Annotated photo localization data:
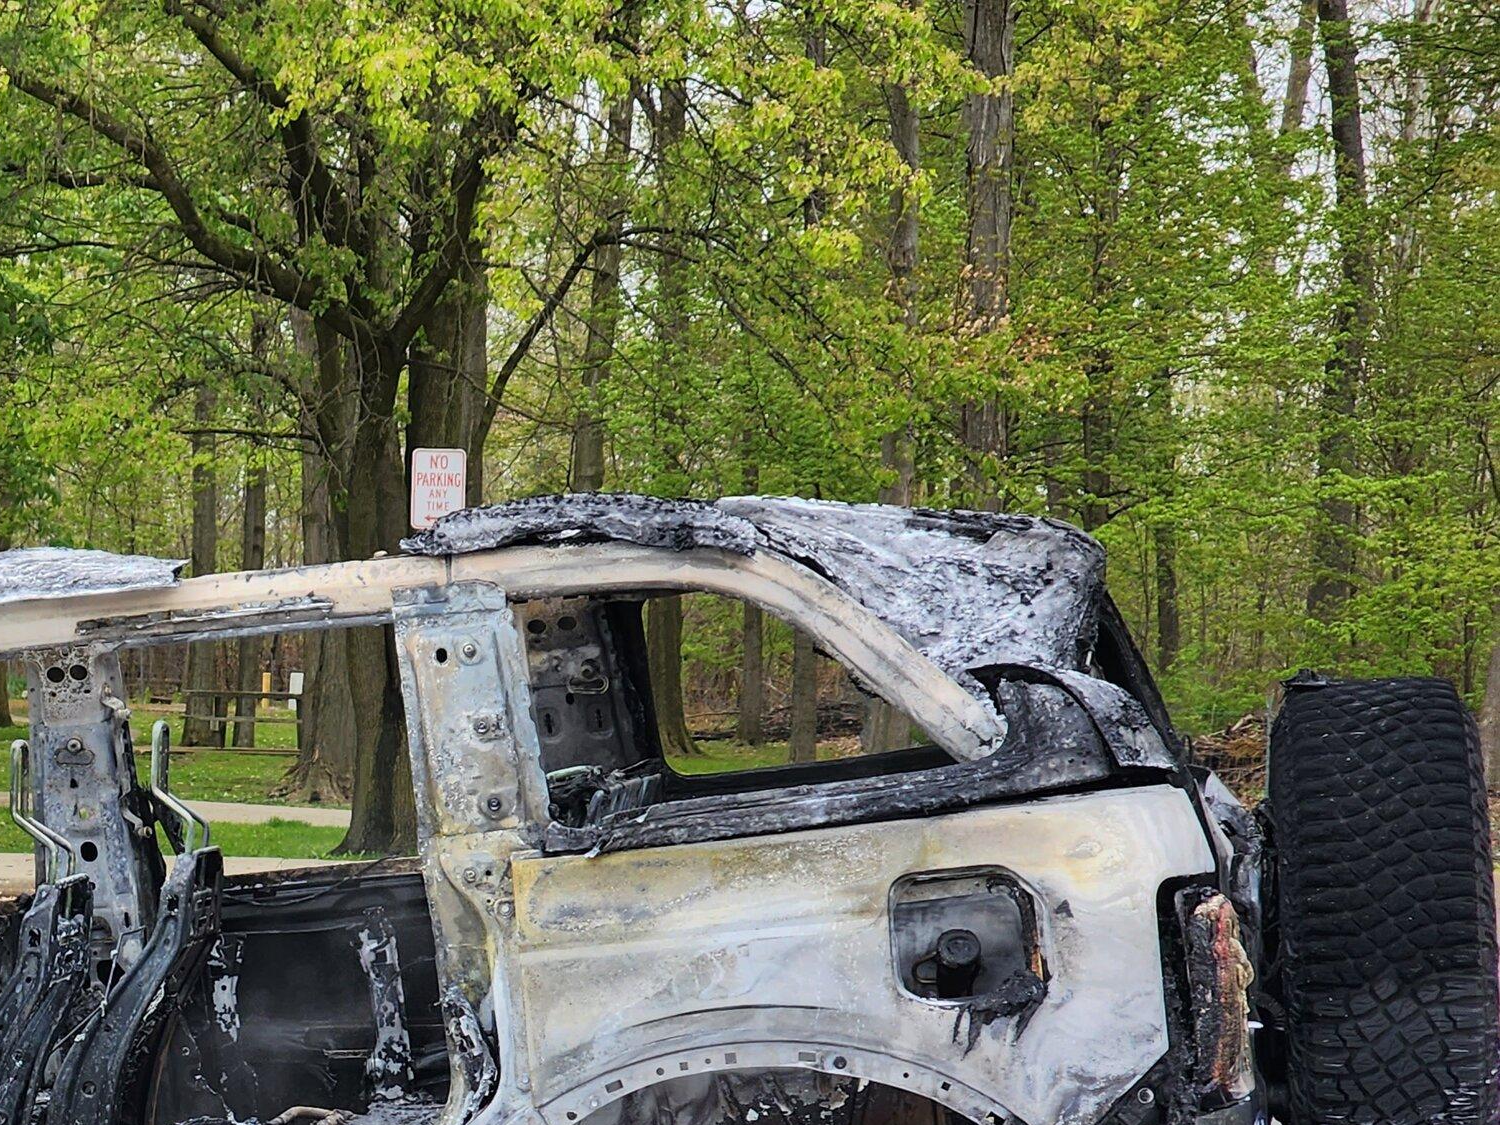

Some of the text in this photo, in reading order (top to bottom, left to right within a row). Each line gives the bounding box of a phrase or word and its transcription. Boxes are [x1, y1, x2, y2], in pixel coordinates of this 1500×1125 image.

[430, 454, 449, 470] NO
[416, 472, 461, 488] PARKING
[429, 489, 448, 499] ANY
[426, 501, 450, 512] TIME

Work required: When you give the entries again, keep them exact and omit any picture they contain.

Your solution:
Some of the text in this photo, in reading order (top to bottom, left to right within a row). Each line gives the bounding box of a phrase or word and its transcription. Boxes are [x1, y1, x2, y2], in pixel coordinates of this 1500×1125 image.

[430, 454, 449, 470] NO
[416, 472, 461, 488] PARKING
[429, 489, 448, 499] ANY
[426, 501, 450, 512] TIME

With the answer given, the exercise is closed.